3.3 Al$_2$SiO$_5$

The phase diagram of Al$_2$SiO$_5$ is important for Earth sciences and has attracted great interest. Three known Al$_2$SiO$_5$ polymorphs (kyanite, andalusite, sillimanite) are common minerals in the Earth’s crust and upper mantle. In all these structures, Si atoms are tetrahedrally coordinated, while half of the Al atoms are octahedrally coordinated. The Al octahedra form the -Al-Al- chains, and the remaining Al and Si alternate in neighboring chains (-Si-Al-). The coordination of Al in the -Si-Al- chains is either tetrahedral (sillimanite), fivefold (andalusite), or octahedral (kyanite) 228. It has to be noted that the prediction of these structures is an extremely challenging test for any global optimization method (These complex structures have low symmetry and relatively large primitive cells with 32 atoms. To illustrate the difficulty of finding the ground state, we generated 10,000 random structures and relaxed them at 10 GPa, and found that none of these structures correspond to the stable phase, kyanite). Energy barriers between these structures are very high and these phases can exist metastably, and even coexist, in nature for millions of years - making direct MD sampling (which covers timescales up to $\mu $s) of these structural transitions clearly impossible. Impressively, an evolutionary metadynamics simulating starting from the low-pressure polymorph, andalusite, has successfully found the other two structures.

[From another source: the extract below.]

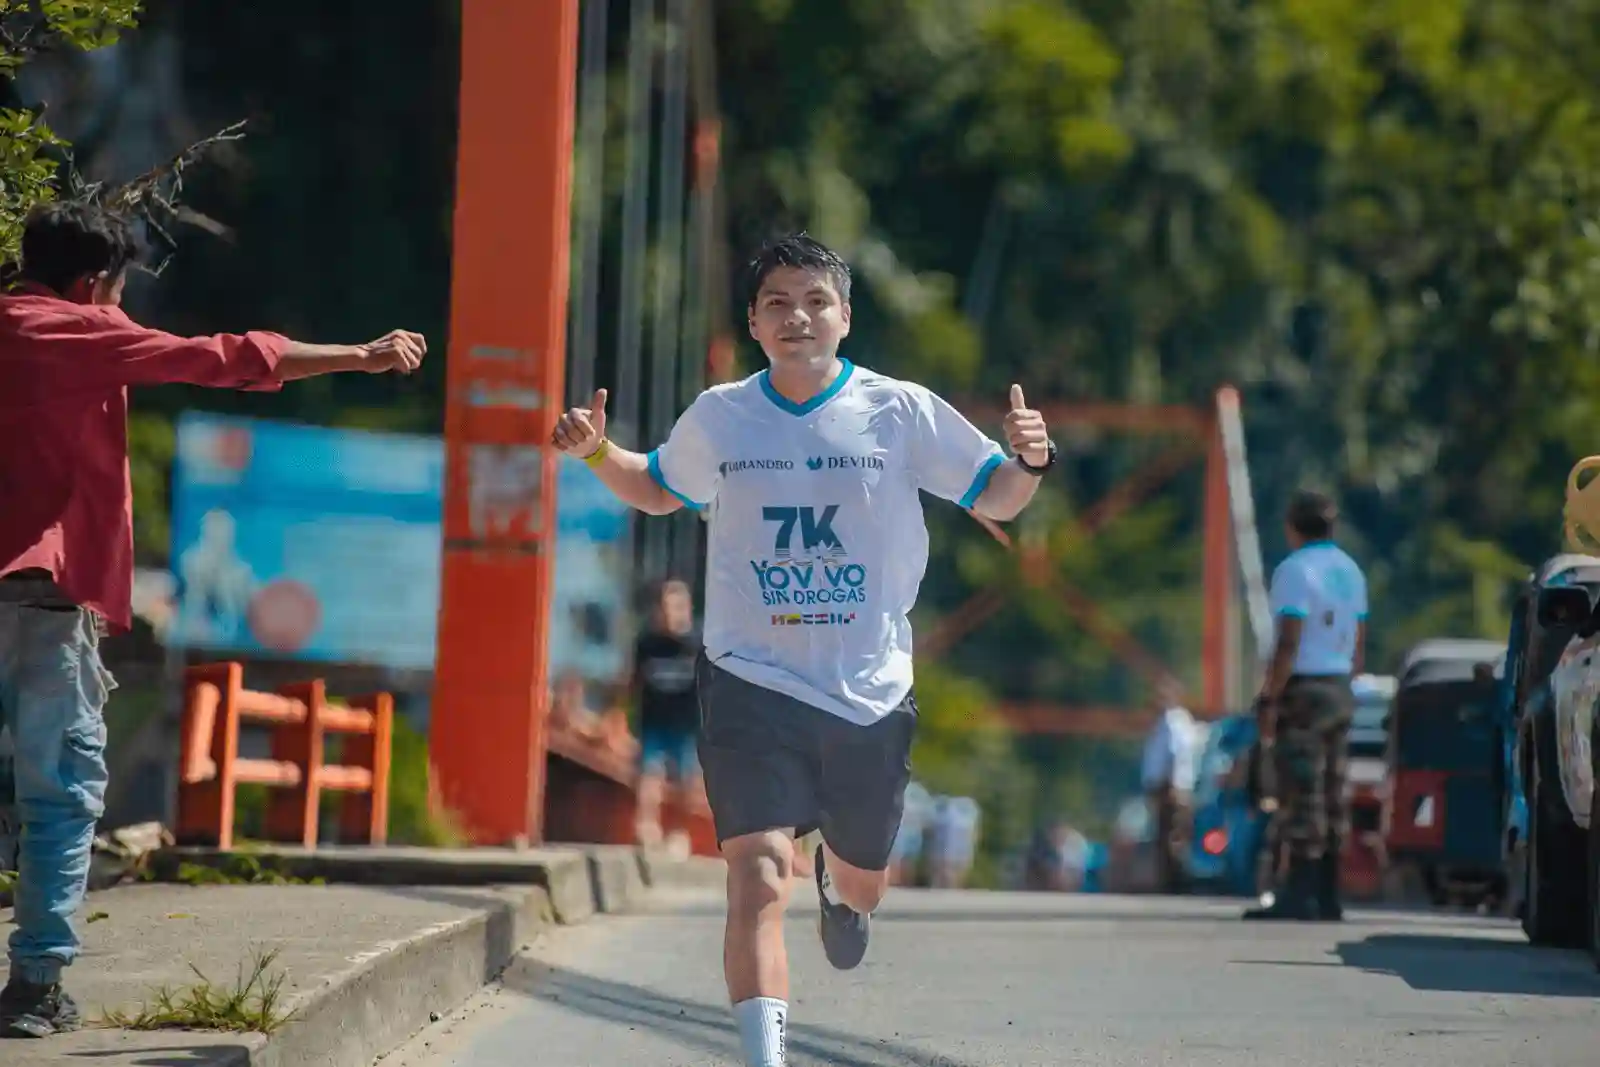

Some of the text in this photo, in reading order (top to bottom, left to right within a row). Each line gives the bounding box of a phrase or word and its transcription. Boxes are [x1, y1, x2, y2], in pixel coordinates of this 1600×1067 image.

Figure 8.4: Enthalpy evolution during the compression on andalusite (Al$_2$SiO$_5$) at 10 GPa (black line: enthalpies for best structures with constant h; magenta line: enthalpies for best structures after full relaxation).

These simulations were carried out by using a classical potential 229 and the GULP code. We started the calculation with $d_{\rm max}$=3.0 , $W$=2500 kbar$\cdot $$^3$ and $\delta {h}$=0.4 . Each generation contains 30 structures. Starting from andalusite (32 atoms in the supercell), as shown in Fig. 8.4, in the 8th generation we observed breaking of an interchain Al-O bond in AlO$_5$ polyhedra, and the structure transformed into sillimanite containing AlO$_4$ tetrahedra. Sillimanite survived until the 68th generation, when the inter-chain Al-O bonds formed again, increasing coordination of Al from fourfold to sixfold and eventually creating kyanite phase with all Al atoms in the AlO$_6$ octahedra. The whole picture, as shown in Fig. 8.5, proves that our method was easily able to predict the transitions: andalusite $\rightarrow $ sillimanite $\rightarrow $ kyanite. As a bonus in addition to finding the global minimum structure, the simulation unravels a very non-trivial relationship between the structures (e.g. sillimanite-kyanite) and a crystallographic model of their transformations. For a reconstructive phase transition, one should expect a nucleation-and-growth mechanism, rather than a concerted crystallographic mechanism. However, such a concerted mechanism provides not only a useful simplified view of the real transition, but also input for mean-field theories of phase transformations, and for techniques (such as the Transition Path Sampling(TPS) 230) that are capable of simulating nucleation and growth phenomena but require a reasonable initial mechanism.


Figure 8.5: Phases observed during compressing andalusite (Al$_2$SiO$_5$) at 10 GPa. (a) generation 1 (andalusite); (b) generation 4; (c) generation 8; (d) generation 9 (sillimanite); (e) generation 14; (f) generation 63; (g) generation 66; (h) generation 68; (i) generation 69; (j) generation 70 (kyanite).